Many of Fröbel’s gifts took the form of square or rectangular blocks that worked together in a complex system, introducing forms of spatial play over time. It’s not hard to see the concepts of the modern toy industry in the gifts that Fröbel created.

Fröbel’s gifts.
Fröbel’s gifts. Kippelboy/CC BY-SA 3.0

(Nor is it hard to see how this might inspire some of our greatest architectural thinkers. Frank Lloyd Wright, famously, claimed inspiration from Fröbel’s gifts.)

But while Fröbel set the groundwork and his Kindergarten idea started to catch on globally not long after his 1852 passing, it was an American lithographer and board game manufacturer who would help carry the torch in the United States. That man’s name was Milton Bradley.

In 1870, Bradley’s namesake company came out with a set of building blocks based on Fröbel’s work called Bradley’s Original Kindergarten Alphabet and Building Blocks. The blocks were based on Fröbel’s sixth gift, which included a variety of basic geometric shapes. Bradley, however, added the additional wrinkle of letters and numbers.

Milton Bradley’s Original Kindergarten Alphabet and Building Blocks.
Milton Bradley’s Original Kindergarten Alphabet and Building Blocks. Internet Archive/Public Domain

The 1996 book Preschool Education in America: The Culture of Young Children from the Colonial Era to the Present suggests that Bradley’s play was purely commercial, but offered up something of a happy accident in the process.

“What probably seemed like an insignificant alteration to Bradley radically changed the purpose of the blocks, turning them into a didactic teaching device rather than a symbolic play material,” author Barbara Beatty explained.

Beatty noted that the growth of early education, a space inspired by Fröbel’s work, had created a quickly expanding commercial toy industry, and that industry didn’t necessarily understand the educational fundamentals of the educators that made the space viable.

“Toy manufacturers were usually more interested in selling their wares than in observing the finer points of pedagogical correctness,” she noted.

Perhaps, but they nonetheless played an important role in mainstreaming Fröbel’s ideas.

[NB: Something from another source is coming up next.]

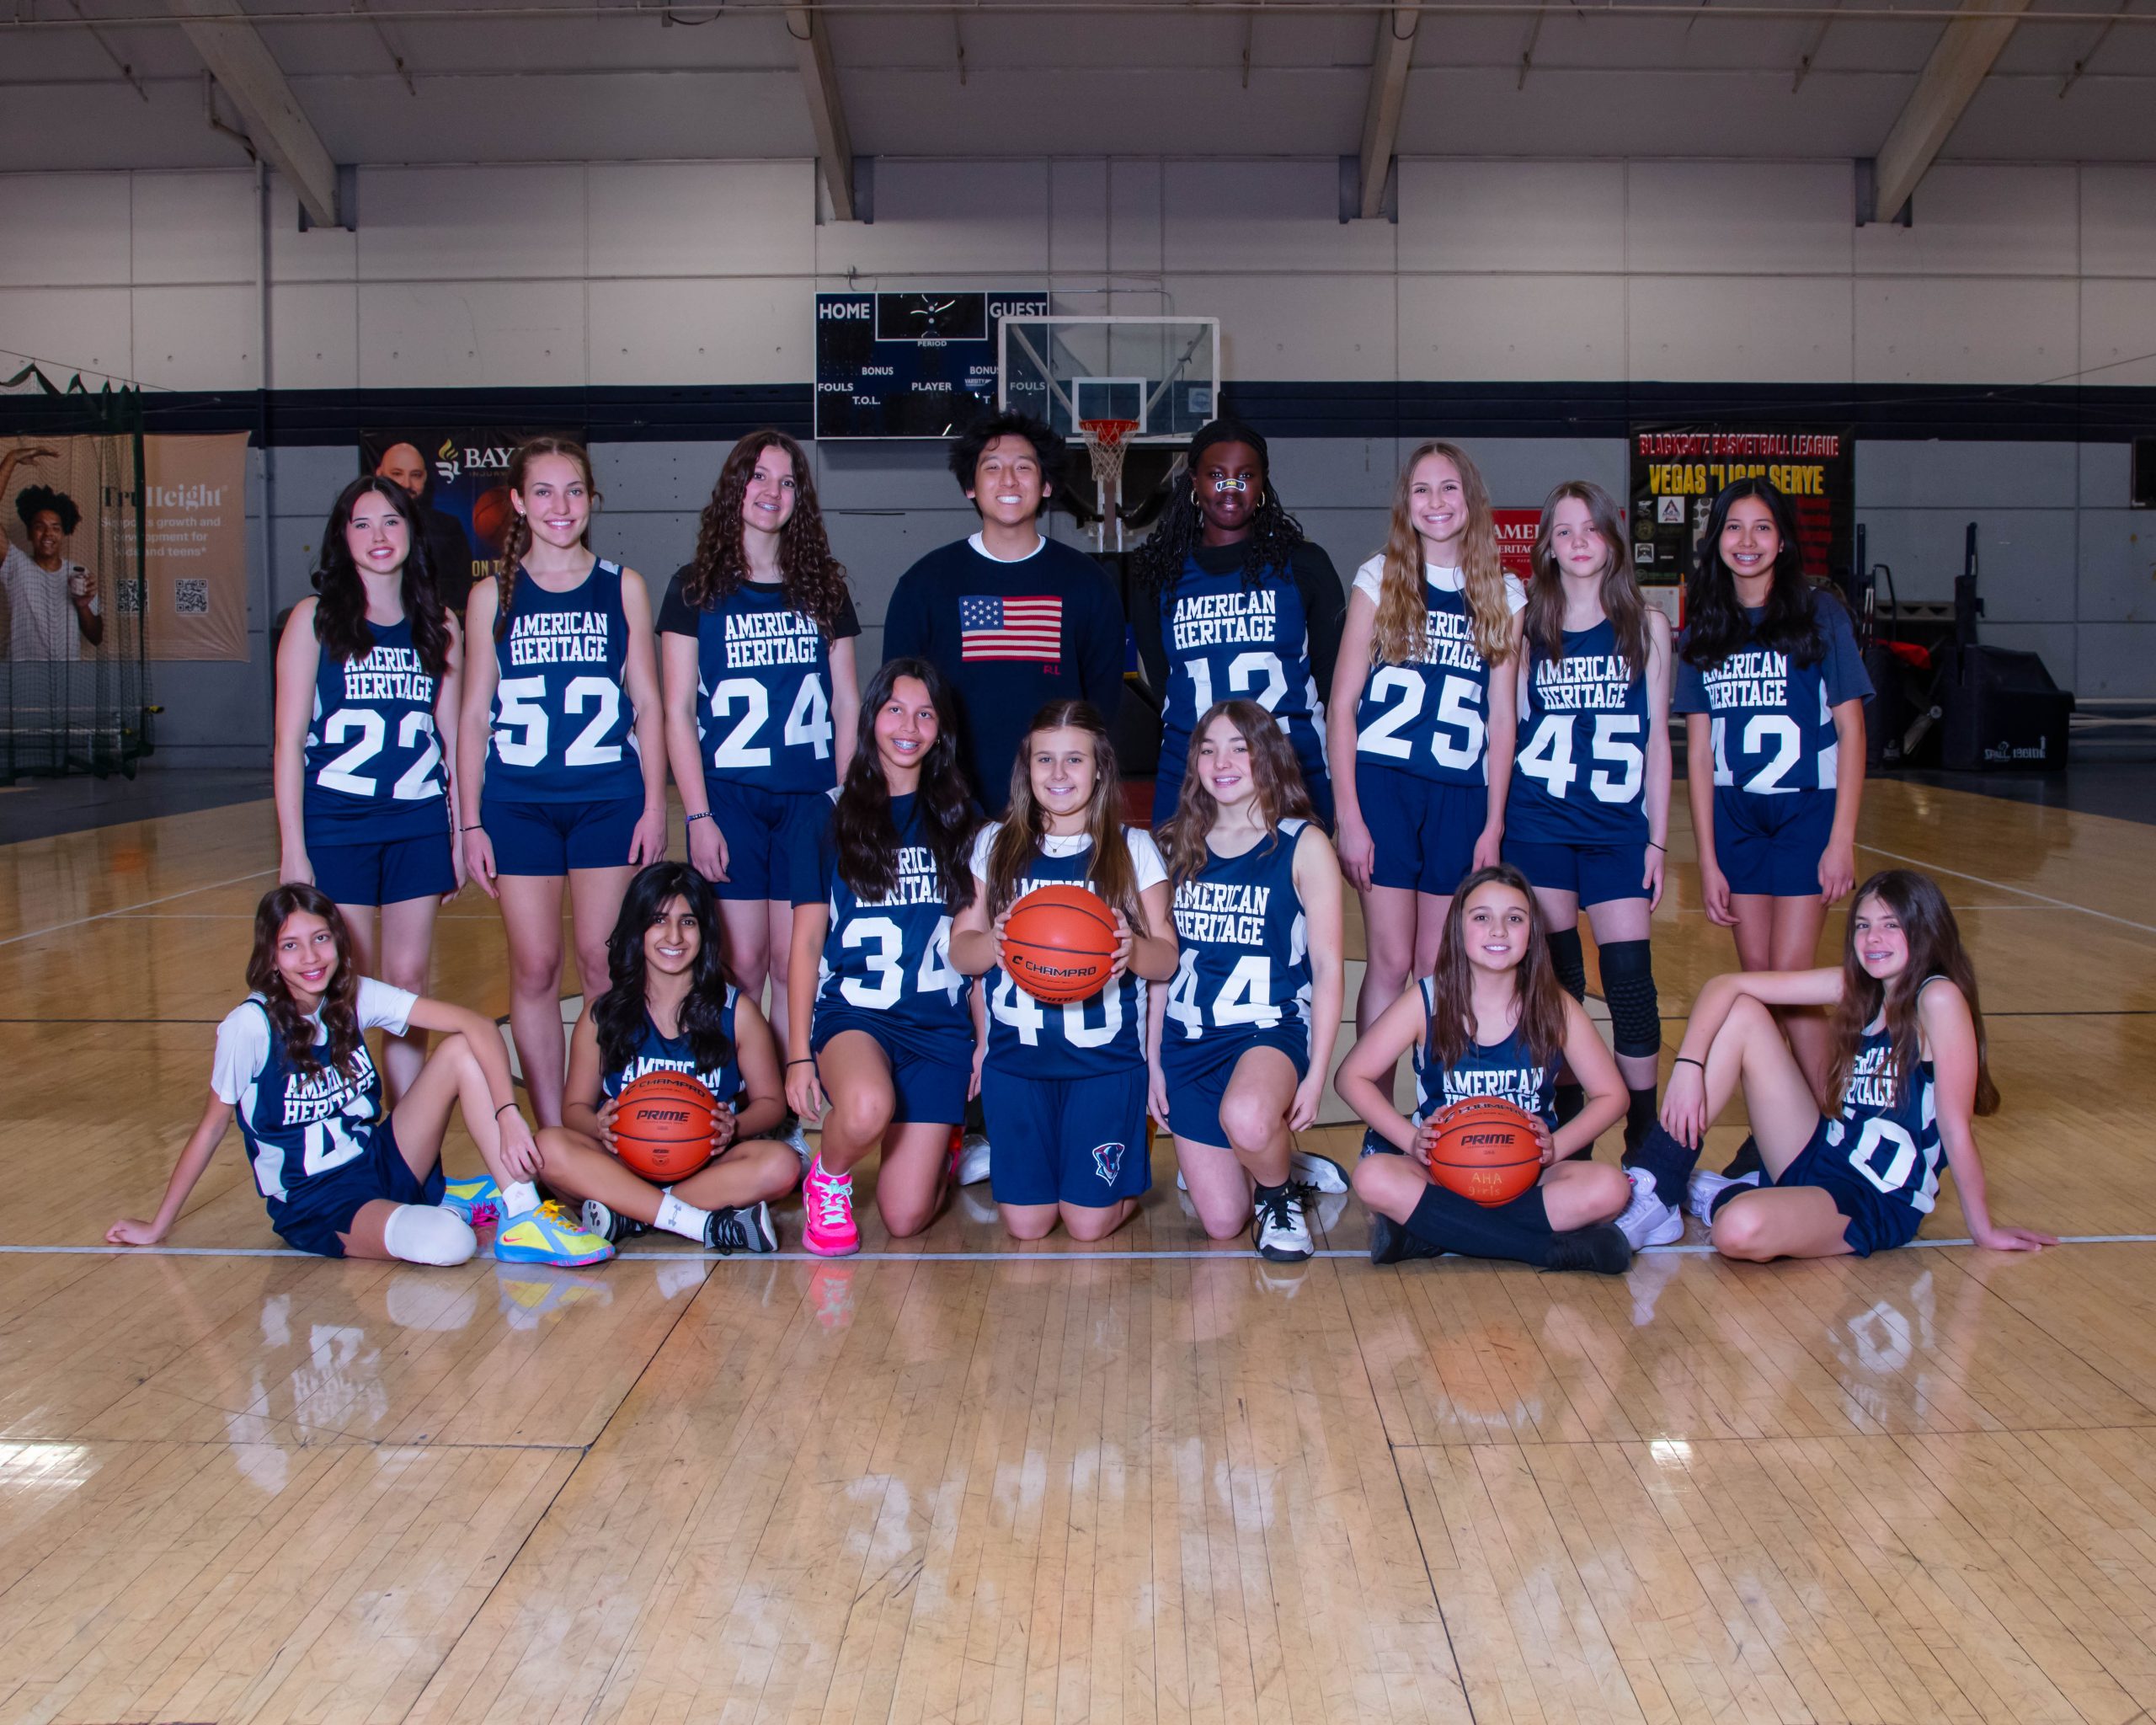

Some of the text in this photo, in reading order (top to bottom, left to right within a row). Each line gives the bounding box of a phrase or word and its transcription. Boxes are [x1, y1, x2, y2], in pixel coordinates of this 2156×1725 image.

Bradley wasn’t alone in mass-marketing wooden blocks for educational purposes in the late 19th century.

Samuel L. Hill, for example, received a patent for his alphabet blocks in 1867. While he wasn’t first, his Brooklyn company was among the first to mass-market the cube-shaped devices.

“The blocks being thus constructed, and reference being had to the numerals placed thereon and the printed key,” Hill’s patent stated. “it will be found that words can be readily spelled by combining the requisite number of blocks and those words in which the same letter occurs more than once, which was not possible with the style of blocks now in use.”

The set of 20 cube blocks was big enough to spell some fairly lengthy words (as long as you had the right letters).

And one other figure who deserves a mention is Mother Goose for Grown Folks author Adeline Dutton Train Whitney, who patented an early alphabet block system in 1882.

Alphabet blocks were conceptualized in the 16th and 17th centuries.
Alphabet blocks were conceptualized in the 16th and 17th centuries. Public Domain

Although her block system probably has more in common with Fröbel’s approach than the cube-shaped alphabet block, she is often credited with the invention of the alphabet block. That’s perhaps a step too far, considering all the prior art, but she definitely deserves credit for expanding the potential of teaching the alphabet using wooden blocks.

If there’s a lesson to be taken from this—besides the ABCs, of course—it’s that it’s hard to figure out who was first with an idea or an invention, and who’s getting the right amount of credit.

References to Plat’s role in the alphabet block are rare; references to Locke’s role are common. (And, to be fair, it’s always possible Plat might have been inspired by someone else.) When someone has an idea as seemingly basic as putting a bunch of letters on a block of wood, or making a die large enough so that it’s the perfect size for a child to hold, or philosophically making the case for the use of such an object by children, these ideas add onto one another and turn a small idea into a much larger one.

Or to put it in a punnier way: A lot of building blocks were involved.